Originally created by Joseph H. Pilates in the early 1900s for rehabilitative purposes, this method targets the deep muscles of the body, particularly the abdomen and spine (i.e "the core"), instead of the large superficial muscles. Breathing is coordinated with the moves to help facilitate relaxation and proper execution, and although Pilates can be very strengthening, it doesn't develop bulky muscles -- need we say more?

    Checklist

    • Cost: Ranges from $15 to $100, depending on whether you’re using a DVD or taking a private class. See breakdown below.
    • Time Commitment: Two to four times a week is recommended for optimal results.
    • Location Limitations: Unless you’re taking a class, Pilates can be practiced anywhere.
    • Special Equipment Required: A mat.
    • Potential Pitfalls: N/A.
    • Boredom Rating: Can be high if, as there are very few distractions (such as music or scenery changes) involved in Pilates.
    • Potential Injury Risk: Make sure to pay attention to proper form to avoid muscle or joint strain.

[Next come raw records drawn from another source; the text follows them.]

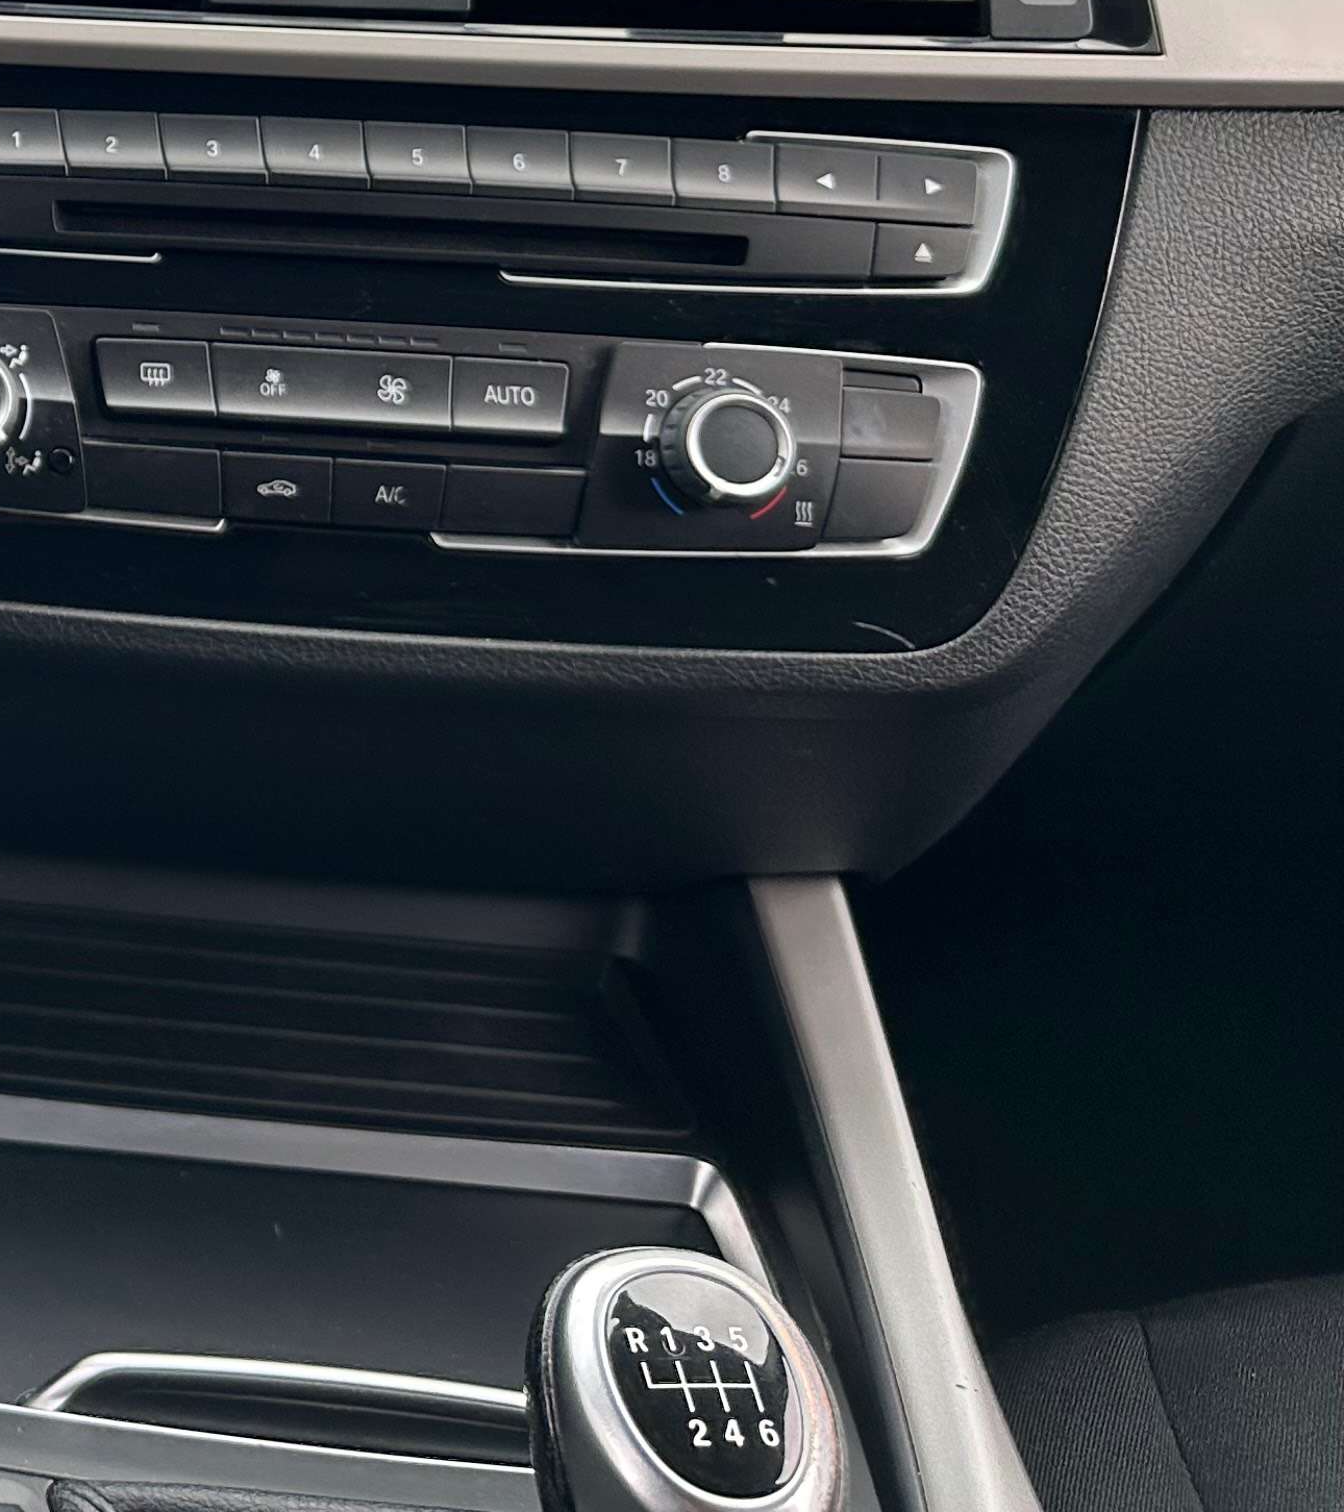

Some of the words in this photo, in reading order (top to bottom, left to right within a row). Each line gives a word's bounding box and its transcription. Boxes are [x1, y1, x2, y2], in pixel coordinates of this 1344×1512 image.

[11, 131, 23, 149] 1
[105, 136, 119, 155] 2
[205, 140, 220, 158] 3
[307, 143, 322, 162] 4
[411, 148, 425, 167] 5
[512, 152, 527, 172] 6
[615, 158, 629, 177] 7
[717, 164, 732, 183] 8
[704, 368, 729, 386] 22
[259, 382, 286, 397] OFF
[483, 384, 536, 407] AUTO
[645, 389, 668, 408] 20
[634, 449, 657, 468] 18
[375, 484, 408, 506] A/C
[624, 1326, 649, 1353] R
[659, 1326, 678, 1351] 1
[693, 1325, 716, 1352] 3
[727, 1326, 749, 1352] 5
[687, 1418, 713, 1447] 2
[724, 1418, 746, 1448] 4
[758, 1419, 780, 1447] 6
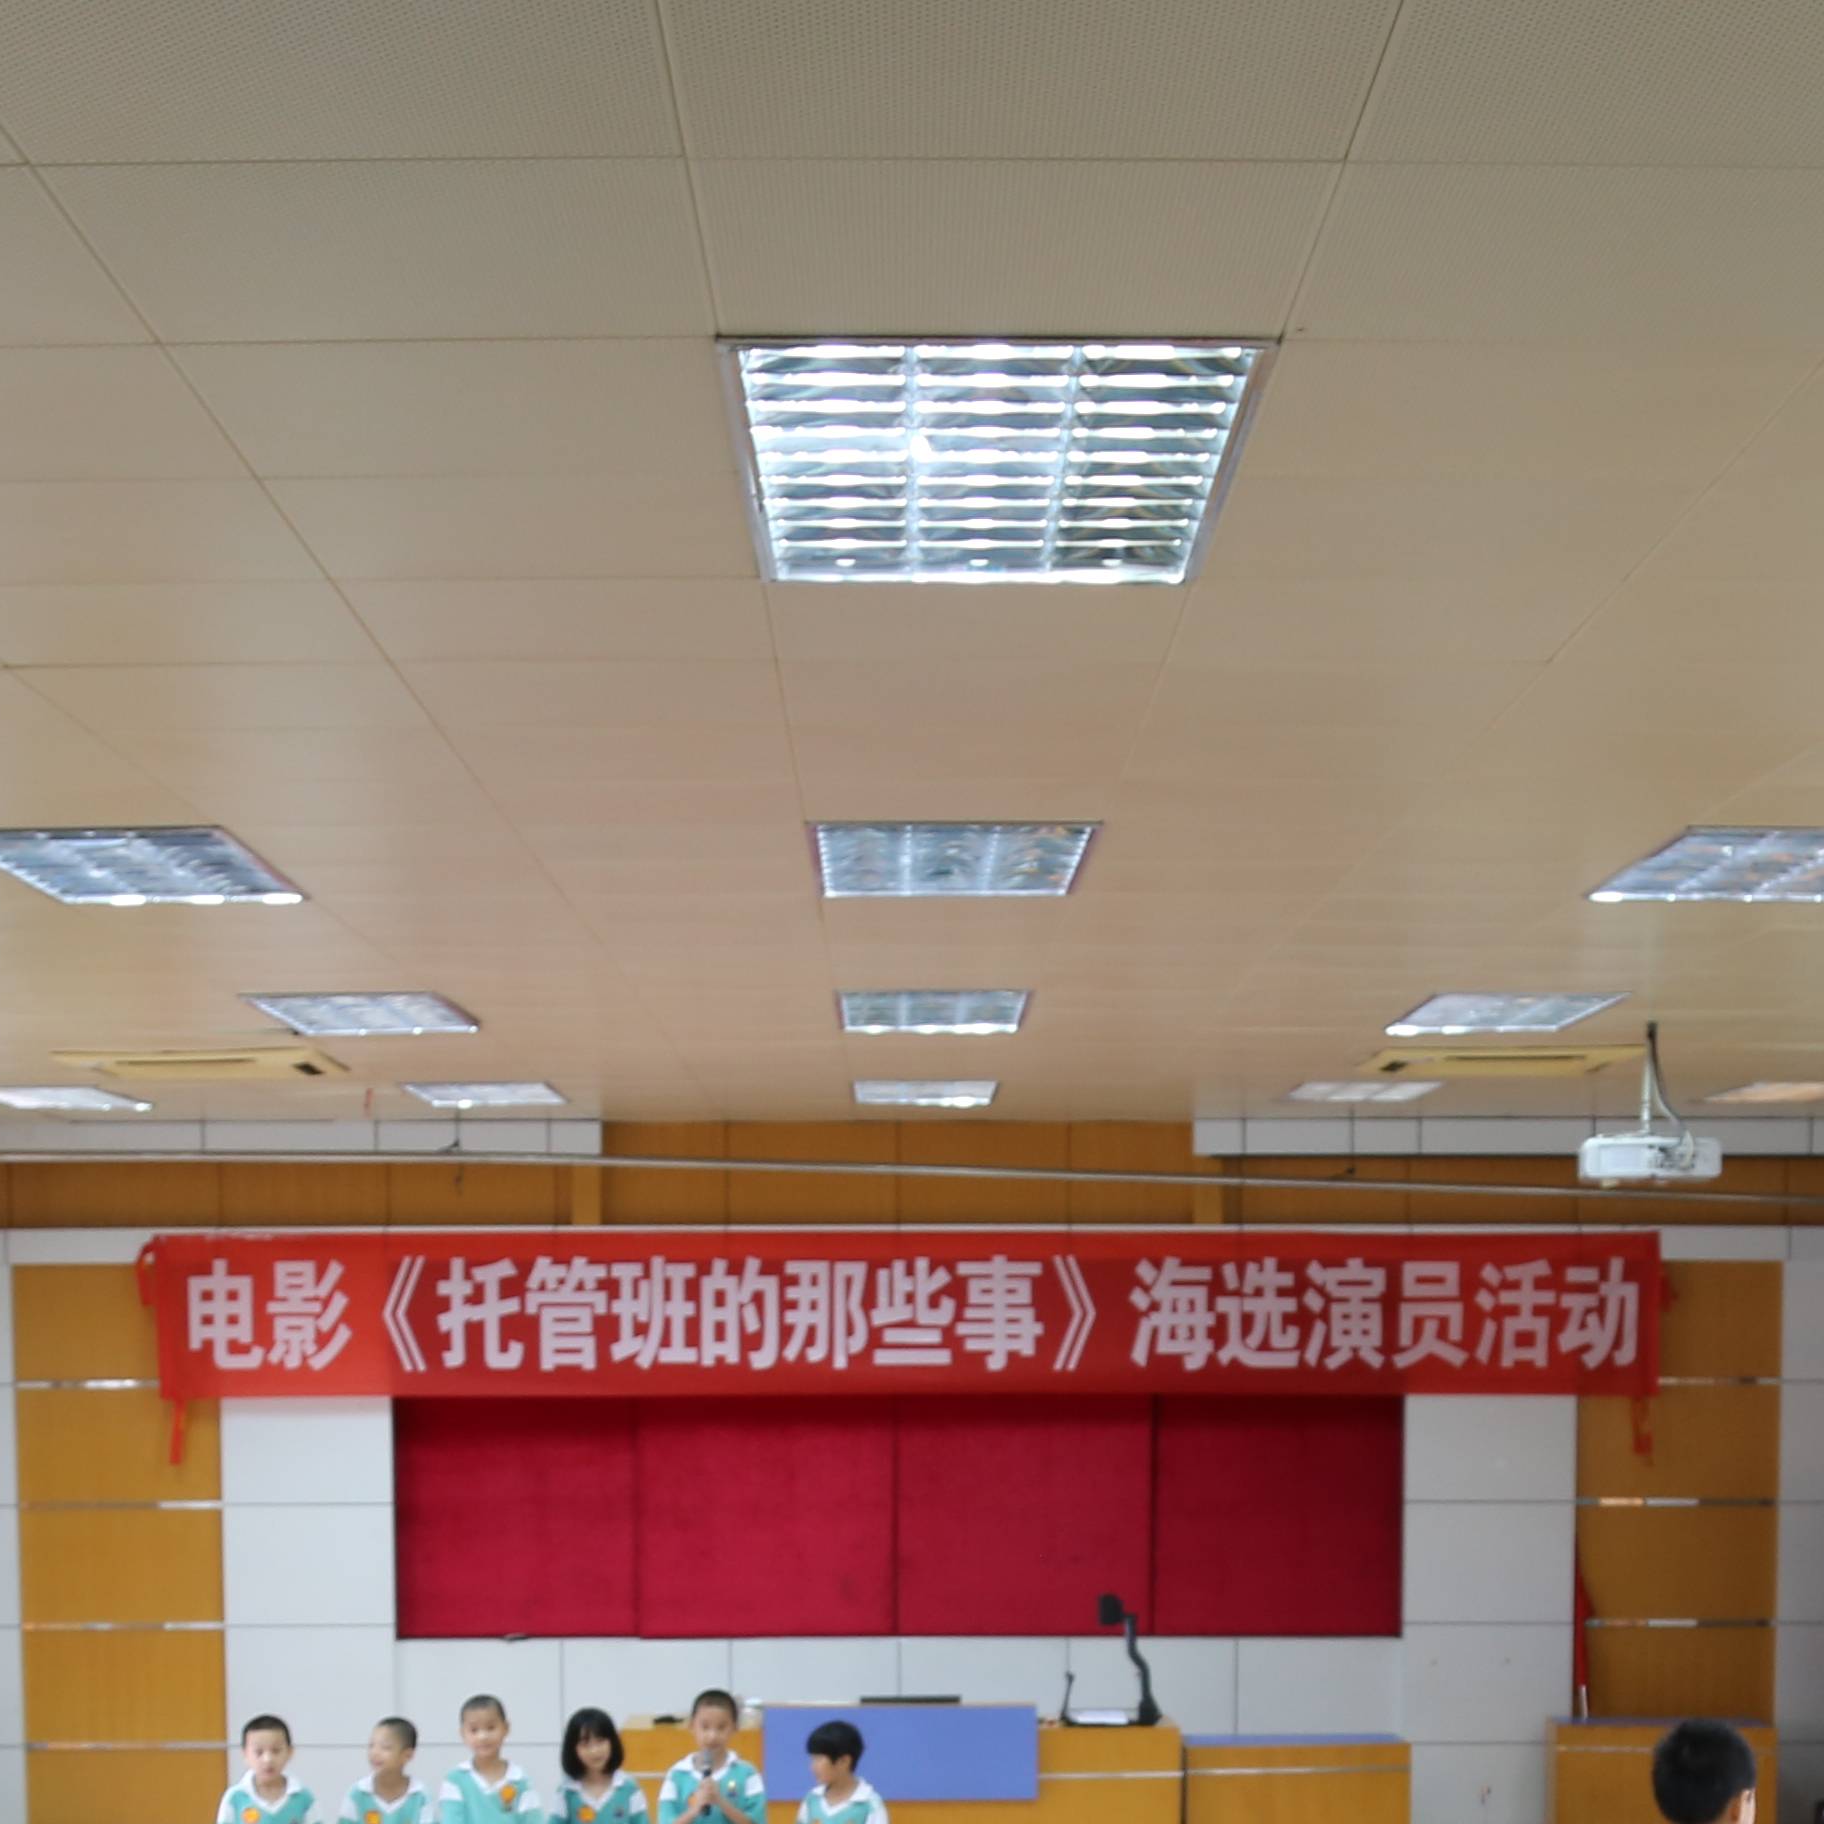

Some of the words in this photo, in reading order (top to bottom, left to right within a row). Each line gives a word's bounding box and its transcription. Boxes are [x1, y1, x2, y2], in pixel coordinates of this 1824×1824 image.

    • Level of Fitness Required: N/A.
    • Calories Burned (based on a 150 pound woman exercising at a moderate intensity for 30 minutes): Approximately 65 calories.
    • Body Parts Worked: All, but mostly the abs and the ‘core.’
    • False Myths: Some may find Pilates daunting, but this workout is not just for dancers and athletes. All individuals can master the art of Pilates and reap the many benefits.